DIE LINKE hat mit dem nie revidierten Beschluss des Parteivorstands vom 23.9.2013, der die Bereitschaft zur Aufnahme von Sondierungen für die Bildung einer Bundesregierung auf Basis der existierenden parlamentarischen Mehrheit im Bundestag erklärte, eine Grundsatzentscheidung getroffen. Keine Zeit zu verlieren ist für den Beginn der Debatte darüber, was man in einer solchen Konstellation erreichen will und realistischerweise erreichen kann. Wir haben bereits an dieser Stelle deutlich gemacht, dass die inhaltlichen Schnittmengen groß genug sind, um sich auf eine progressive Agenda zu einigen. Die größere Aufgabe, vor der nun die Führung von Partei und Fraktion steht, ist die Moderation eines partei- und fraktionsinternen Verständigungsprozesses. Die Erfolgsaussichten eines solchen Prozesses sind umso größer, je mehr sich alte und neue soziale Bewegungen in ihn einmischen. Wenn die politische Linke als Ganze Gabriels Kurswechsel richtig verarbeiten will, dann muss sie einen gesellschaftlichen Dialogprozess einsteigen, der auf allen Ebenen geführt wird.

DIE LINKE muss und darf sich in diesem Prozess nicht als Akteurin vorgezogener Koalitionsverhandlungen präsentieren, sondern muss im Anschluss an Thomas Falkners wichtigen Text den »Platz der radikalen Linken« einnehmen. Es geht nicht ums vorgezogene »Weichspülen« felsartiger programmatischer Sprachgebirge sondern um die dialogische Entwicklung radikaler und praktisch verfolgbarer Lösungsansätze für die großen Herausforderungen der Zeit, die sich nach unserer Überzeugung in einer konsistenten Erzählung um die Begriffe Sicherheit und Heimat gruppieren lassen.

»Eine progressive Agenda muss soziale Sicherheit und innere Sicherheit verbinden«, hat Bodo Ramelow in Reaktion auf Gabriels Vorstoß zu Protokoll gegeben. Sie muss darüber hinaus den rechten Hetzern das Wort Heimat entreißen. Die Tatsache, dass Millionen auf dieses Land als sicherer Fluchthafen schauen, sollte ausreichendes Indiz dafür sein, dass es sich lohnt nach dem zu suchen, was dieses Land für uns und andere lebenswert macht: Demokratie, soziale Sicherheit, Weltoffenheit, Einbettung in eine europäische Friedensordnung.

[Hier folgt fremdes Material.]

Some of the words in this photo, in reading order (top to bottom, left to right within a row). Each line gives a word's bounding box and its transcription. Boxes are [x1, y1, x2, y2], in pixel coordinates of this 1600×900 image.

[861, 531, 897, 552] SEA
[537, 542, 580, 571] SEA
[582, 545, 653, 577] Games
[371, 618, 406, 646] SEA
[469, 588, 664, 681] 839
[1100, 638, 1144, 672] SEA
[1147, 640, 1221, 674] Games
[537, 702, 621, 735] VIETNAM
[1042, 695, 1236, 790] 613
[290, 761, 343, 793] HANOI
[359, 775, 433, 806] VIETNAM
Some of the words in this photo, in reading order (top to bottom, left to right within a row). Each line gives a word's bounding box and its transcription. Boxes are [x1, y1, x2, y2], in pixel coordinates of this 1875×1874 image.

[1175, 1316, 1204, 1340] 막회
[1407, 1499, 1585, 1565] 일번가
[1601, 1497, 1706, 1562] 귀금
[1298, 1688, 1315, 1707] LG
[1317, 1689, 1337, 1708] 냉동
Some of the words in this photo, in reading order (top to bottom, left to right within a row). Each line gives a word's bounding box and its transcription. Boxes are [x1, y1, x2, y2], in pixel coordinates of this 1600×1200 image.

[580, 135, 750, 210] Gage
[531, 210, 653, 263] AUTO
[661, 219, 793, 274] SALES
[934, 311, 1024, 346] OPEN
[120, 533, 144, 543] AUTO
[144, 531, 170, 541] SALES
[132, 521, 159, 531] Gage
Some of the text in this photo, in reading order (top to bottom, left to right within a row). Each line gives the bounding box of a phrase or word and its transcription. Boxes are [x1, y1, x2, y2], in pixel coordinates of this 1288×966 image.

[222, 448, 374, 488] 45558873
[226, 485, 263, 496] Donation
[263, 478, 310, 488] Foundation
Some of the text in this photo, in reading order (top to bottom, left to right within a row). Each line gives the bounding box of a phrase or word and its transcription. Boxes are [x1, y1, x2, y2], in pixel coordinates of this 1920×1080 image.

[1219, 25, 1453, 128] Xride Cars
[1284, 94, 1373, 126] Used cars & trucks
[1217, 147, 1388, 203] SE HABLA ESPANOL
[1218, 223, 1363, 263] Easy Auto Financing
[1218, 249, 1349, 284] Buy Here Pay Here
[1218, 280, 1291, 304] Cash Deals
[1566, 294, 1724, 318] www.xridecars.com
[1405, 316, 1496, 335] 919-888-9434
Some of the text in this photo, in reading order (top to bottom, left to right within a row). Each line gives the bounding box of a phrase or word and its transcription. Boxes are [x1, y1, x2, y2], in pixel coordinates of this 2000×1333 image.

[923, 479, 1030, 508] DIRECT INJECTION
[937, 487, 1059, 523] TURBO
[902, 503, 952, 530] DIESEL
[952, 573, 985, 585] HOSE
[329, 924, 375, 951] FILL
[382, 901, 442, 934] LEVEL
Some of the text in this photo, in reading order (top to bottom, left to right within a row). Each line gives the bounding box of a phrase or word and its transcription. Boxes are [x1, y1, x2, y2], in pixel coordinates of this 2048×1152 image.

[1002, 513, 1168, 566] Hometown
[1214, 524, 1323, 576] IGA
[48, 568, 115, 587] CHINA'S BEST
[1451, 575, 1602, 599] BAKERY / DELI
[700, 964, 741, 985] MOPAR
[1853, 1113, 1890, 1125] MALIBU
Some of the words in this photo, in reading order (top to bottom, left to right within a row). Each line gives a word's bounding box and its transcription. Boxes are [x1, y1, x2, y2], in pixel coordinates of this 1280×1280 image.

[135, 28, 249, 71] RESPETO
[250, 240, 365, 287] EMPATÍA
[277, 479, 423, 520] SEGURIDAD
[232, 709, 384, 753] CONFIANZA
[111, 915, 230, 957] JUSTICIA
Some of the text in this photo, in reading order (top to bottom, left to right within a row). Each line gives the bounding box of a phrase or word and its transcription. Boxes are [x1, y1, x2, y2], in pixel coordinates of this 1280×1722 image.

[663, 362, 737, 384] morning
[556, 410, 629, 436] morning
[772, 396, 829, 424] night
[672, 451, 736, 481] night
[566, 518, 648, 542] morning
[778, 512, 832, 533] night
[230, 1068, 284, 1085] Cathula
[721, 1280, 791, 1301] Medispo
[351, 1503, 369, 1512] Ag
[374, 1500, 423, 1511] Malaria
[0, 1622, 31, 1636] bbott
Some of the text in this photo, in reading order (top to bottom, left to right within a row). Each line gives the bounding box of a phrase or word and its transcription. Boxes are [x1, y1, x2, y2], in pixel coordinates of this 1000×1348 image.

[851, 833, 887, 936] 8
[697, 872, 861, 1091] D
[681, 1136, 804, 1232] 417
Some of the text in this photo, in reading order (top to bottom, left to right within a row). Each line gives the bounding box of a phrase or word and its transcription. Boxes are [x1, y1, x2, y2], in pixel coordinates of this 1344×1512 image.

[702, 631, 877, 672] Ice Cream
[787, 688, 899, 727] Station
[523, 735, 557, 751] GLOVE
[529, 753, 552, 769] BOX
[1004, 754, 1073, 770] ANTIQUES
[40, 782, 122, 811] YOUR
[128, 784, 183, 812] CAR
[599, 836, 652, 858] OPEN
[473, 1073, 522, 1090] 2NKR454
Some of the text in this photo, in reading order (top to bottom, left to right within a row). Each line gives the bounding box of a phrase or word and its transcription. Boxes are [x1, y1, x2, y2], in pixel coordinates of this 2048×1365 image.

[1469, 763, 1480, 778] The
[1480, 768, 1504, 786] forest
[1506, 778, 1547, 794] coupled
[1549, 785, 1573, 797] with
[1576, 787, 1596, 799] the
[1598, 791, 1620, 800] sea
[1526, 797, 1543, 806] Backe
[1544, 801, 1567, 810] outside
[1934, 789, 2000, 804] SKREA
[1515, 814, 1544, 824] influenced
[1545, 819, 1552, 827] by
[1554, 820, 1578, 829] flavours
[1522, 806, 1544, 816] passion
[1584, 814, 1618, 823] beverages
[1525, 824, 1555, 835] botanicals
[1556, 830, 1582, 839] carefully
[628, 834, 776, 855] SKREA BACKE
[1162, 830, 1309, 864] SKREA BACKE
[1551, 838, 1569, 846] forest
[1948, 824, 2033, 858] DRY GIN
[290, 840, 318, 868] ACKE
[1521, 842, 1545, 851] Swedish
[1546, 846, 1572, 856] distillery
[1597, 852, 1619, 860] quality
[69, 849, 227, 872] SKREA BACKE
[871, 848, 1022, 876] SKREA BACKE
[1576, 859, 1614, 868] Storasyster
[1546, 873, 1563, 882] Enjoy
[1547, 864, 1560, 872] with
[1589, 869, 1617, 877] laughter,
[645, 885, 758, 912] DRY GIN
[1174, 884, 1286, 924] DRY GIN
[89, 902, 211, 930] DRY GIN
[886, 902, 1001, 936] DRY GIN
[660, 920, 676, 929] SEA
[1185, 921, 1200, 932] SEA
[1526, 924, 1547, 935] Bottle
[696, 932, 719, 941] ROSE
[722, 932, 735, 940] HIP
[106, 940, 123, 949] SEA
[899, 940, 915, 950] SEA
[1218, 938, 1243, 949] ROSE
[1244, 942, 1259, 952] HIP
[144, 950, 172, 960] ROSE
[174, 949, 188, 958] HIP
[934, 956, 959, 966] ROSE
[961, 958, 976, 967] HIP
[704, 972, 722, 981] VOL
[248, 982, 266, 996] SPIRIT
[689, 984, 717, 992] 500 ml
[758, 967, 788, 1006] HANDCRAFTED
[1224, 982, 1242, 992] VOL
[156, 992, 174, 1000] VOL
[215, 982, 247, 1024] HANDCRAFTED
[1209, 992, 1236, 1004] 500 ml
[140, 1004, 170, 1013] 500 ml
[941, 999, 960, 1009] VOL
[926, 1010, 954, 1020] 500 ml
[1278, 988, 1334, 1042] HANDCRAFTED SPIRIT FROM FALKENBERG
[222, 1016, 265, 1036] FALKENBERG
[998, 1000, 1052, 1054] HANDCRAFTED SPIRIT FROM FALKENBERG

Mit Recht kann man auf die riesigen Defizite in all diesen Bereichen verweisen, aber mit ebenso viel Recht, auf die viele Arbeit, die auf eine Mitte-Links-Regierung wartet, um dieses Land zu einer Heimat zu machen für diejenigen, die jetzt hier leben, und diejenigen, die als Flüchtlinge oder Zuwanderer neu dazu kommen.

Benjamin-Immanuel Hoff ist Linken-Politiker, Chef der Thüringer Staatskanzlei und Landesminister für Kultur, Bundes- und Europaangelegenheiten. Alexander Fischer war Regierungssprecher in Thüringen und arbeitet derzeit in Berlin für die rot-rot-grüne Landesregierung des Freistaates.